Только теперь ваша жизнь не будет так резко разделена на эти два промежутка, понимаете, вы будете как бы в одном состоянии, полусна полуяви, но ничего страшного в этом нет, организм когда то приспособится, и вы сами привыкнете, вам будет казаться, что вы заснули, или будет казаться, что вы проснулись, но не стоит на этом фиксироваться, углубляться в проблему, считайте, что вы такой человек, ну, скажем, не совсем обычный, вот и все, это редкая, да, но в целом заурядная болезнь, как я уже говорил, вызванная не тем, что вас кто то за что то наказал, что вы такая особенная, нет, вы не лунатик, не сомнамбула, не тень отца Гамлета, вы просто человек, который больше бодрствует, чем спит, понимаете?

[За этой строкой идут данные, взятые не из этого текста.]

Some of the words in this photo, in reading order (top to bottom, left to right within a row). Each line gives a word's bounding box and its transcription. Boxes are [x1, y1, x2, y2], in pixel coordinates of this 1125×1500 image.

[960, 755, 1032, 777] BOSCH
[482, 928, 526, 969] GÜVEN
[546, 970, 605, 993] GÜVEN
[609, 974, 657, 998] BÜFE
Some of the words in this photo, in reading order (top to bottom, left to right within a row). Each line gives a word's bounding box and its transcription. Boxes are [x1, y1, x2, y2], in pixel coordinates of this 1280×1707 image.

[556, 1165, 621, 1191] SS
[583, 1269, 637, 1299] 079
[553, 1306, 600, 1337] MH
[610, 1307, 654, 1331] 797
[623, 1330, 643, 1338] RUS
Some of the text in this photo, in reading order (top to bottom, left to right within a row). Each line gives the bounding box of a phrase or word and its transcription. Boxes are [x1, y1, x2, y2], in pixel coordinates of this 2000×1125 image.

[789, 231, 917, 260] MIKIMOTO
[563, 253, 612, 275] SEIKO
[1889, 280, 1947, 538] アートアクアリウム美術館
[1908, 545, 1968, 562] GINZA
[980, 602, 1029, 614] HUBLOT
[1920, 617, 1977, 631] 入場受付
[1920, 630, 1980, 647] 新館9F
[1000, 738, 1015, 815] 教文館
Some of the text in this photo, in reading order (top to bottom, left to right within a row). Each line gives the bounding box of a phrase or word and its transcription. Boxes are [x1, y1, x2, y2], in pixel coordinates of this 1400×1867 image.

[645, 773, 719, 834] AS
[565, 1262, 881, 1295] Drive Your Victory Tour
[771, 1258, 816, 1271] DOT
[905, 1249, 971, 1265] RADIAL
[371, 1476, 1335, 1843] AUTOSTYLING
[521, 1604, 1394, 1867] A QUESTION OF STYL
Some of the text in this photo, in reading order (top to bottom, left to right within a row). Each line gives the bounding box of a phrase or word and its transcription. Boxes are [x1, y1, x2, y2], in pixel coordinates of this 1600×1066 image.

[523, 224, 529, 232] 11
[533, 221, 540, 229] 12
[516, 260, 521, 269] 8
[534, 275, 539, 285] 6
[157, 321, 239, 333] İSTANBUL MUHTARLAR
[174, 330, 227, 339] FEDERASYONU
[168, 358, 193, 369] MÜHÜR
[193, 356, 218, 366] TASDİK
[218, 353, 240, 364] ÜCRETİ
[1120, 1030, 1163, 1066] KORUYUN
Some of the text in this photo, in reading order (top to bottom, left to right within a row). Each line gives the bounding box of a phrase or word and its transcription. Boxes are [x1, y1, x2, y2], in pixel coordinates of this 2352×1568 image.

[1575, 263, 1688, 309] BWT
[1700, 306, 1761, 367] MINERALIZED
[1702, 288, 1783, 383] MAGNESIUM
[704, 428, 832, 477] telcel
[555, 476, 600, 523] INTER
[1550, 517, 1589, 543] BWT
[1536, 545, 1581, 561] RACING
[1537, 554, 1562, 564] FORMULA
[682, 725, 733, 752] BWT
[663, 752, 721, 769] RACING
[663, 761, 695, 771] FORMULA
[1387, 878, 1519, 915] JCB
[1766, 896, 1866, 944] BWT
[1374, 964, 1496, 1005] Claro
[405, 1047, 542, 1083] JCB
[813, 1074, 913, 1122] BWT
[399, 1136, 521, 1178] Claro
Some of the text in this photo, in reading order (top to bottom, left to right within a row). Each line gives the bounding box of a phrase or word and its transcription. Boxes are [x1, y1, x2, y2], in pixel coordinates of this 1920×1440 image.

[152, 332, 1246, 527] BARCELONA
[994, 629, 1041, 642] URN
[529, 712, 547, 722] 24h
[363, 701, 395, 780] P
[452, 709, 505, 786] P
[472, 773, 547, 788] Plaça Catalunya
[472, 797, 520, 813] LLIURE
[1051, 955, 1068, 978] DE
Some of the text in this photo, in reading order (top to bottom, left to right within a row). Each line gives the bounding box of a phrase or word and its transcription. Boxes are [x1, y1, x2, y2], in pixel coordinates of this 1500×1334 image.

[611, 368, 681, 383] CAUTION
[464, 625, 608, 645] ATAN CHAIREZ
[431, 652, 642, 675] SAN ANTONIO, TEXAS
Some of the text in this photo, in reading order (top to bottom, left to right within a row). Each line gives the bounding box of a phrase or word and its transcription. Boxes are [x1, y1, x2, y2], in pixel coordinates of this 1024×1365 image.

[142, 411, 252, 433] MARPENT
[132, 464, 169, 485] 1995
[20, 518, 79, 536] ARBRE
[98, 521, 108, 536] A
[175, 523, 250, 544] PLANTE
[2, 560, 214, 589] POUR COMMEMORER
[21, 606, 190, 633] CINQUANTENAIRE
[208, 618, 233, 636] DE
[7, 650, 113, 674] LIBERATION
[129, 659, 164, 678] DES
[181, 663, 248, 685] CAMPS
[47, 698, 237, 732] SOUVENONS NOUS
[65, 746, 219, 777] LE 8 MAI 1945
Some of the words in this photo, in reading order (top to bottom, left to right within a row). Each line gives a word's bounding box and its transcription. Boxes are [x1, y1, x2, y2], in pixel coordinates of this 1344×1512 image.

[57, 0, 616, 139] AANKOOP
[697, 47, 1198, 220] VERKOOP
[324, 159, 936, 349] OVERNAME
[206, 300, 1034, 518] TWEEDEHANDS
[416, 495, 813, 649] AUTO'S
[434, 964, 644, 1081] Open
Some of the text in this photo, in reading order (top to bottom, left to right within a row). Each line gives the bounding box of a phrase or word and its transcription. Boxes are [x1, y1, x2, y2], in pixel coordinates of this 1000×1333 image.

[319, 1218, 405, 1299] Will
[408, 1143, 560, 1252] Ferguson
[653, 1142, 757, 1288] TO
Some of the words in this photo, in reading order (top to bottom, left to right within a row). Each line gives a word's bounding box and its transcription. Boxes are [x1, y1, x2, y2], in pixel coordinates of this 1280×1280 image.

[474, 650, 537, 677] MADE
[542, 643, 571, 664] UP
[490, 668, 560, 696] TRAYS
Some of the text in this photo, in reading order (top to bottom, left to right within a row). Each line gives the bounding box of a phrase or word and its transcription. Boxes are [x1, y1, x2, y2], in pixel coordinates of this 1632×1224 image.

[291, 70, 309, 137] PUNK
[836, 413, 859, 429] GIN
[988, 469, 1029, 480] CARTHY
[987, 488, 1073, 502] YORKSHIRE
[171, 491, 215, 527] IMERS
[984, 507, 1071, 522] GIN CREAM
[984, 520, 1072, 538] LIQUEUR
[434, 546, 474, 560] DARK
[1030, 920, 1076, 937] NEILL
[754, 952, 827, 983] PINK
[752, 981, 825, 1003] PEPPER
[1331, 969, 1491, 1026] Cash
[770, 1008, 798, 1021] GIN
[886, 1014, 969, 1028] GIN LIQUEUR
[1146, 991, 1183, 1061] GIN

– То есть я не буду ходить по крышам? – серьезно спросила она.
– Нет, – серьезно ответил он.
Чтобы ее утешить, в конце беседы Вишняк произнес несколько довольно загадочных, как ей показалось, фраз: он сказал, что, вероятно, она заснет однажды безо всяких усилий, сама, это произойдет под влиянием каких то неведомых, недоступных пока науке закономерностей, накопится усталость или что то там такое в голове… – он щелкнул пальцами, не в силах подобрать нужных слов, – и вы заснете, сами не понимая, как…
– Ну а если у вас будут вопросы… – сказал он уже обычным голосом и нервно оглянулся на дверь, там, в коридоре, наверное, давно скопилась к нему небольшая очередь, – приходите тогда ко мне.
Она сухо кивнула и вышла.
Постепенно Зайтаг поняла, что Вишняк ни в чем не ошибся и записи, сделанные лаборантом, увы, отражали истинное положение дел.
Она научилась не спать.
Пожалуй, это само по себе было похоже на сон – сон без сна, где она была одновременно и субъективным «Я», и объективным «не Я», сама для себя – героем и персонажем, который вел себя, откровенно говоря, по разному. Например, первое время она могла разрыдаться от напряжения, неожиданно, в любом месте, как если бы только что потеряла любимого человека: в булочной, в библиотеке, на своей службе (это чаще всего), или дома, сидя у окна, или на улице, в трамвае, или даже в театре, впрочем, всякого рода мероприятия, театры, концерты она посещать перестала, это было как бы чересчур. Мир и так стал для нее киносеансом, она видела то, чего не видела раньше, например глаза – глаза у людей стали более яркими и глубокими, всматриваясь (в ответ) в чей то пристальный взгляд, она «застревала», настолько говорящими и порой страшными бывали эти взгляды – из глубины, такой глубины, о которой сами люди даже не подозревали, эти случайные взгляды ее затягивали, она поспешно отводила глаза, но и этих секунд было достаточно. Для нее изменились и звуки, какая там консерватория, какой «концерт для фортепьяно с оркестром»: трамвай грохотал над ней, как апокалипсис, птицы рассаживались прямо у нее в голове, чтобы поговорить о Библии или о «Капитале» Маркса, она буквально слышала их реплики, и они ее иногда ужасали, а иногда смешили. Когда приходил вечер, а за ним ночь, она начинала слышать буквально все, что происходило не только в соседних комнатах, но и во всем доме, а ведь ее отделяли коридоры, стены и квадратные метры, и другие комнаты, и опять толстые стены, но она все равно слышала, как встает ночью с постели жена капитана Новикова, как она перебирает его вещи на столе (зачем?), прижимается к горячему телу мужа, огромному здоровому телу, и заставляет его перевернуться на бок, чтобы он не храпел. Пораженная этими яркими картинами, которые она не видела, но слышала, Светлана Ивановна вскакивала в страшном возбуждении и выходила в сад, потому что слышать весь дом было нестерпимо, – но она все равно слышала: и кашель, и стон, и сладостные муки любви, и, чтобы не слышать, она стала покидать дом в ночное время.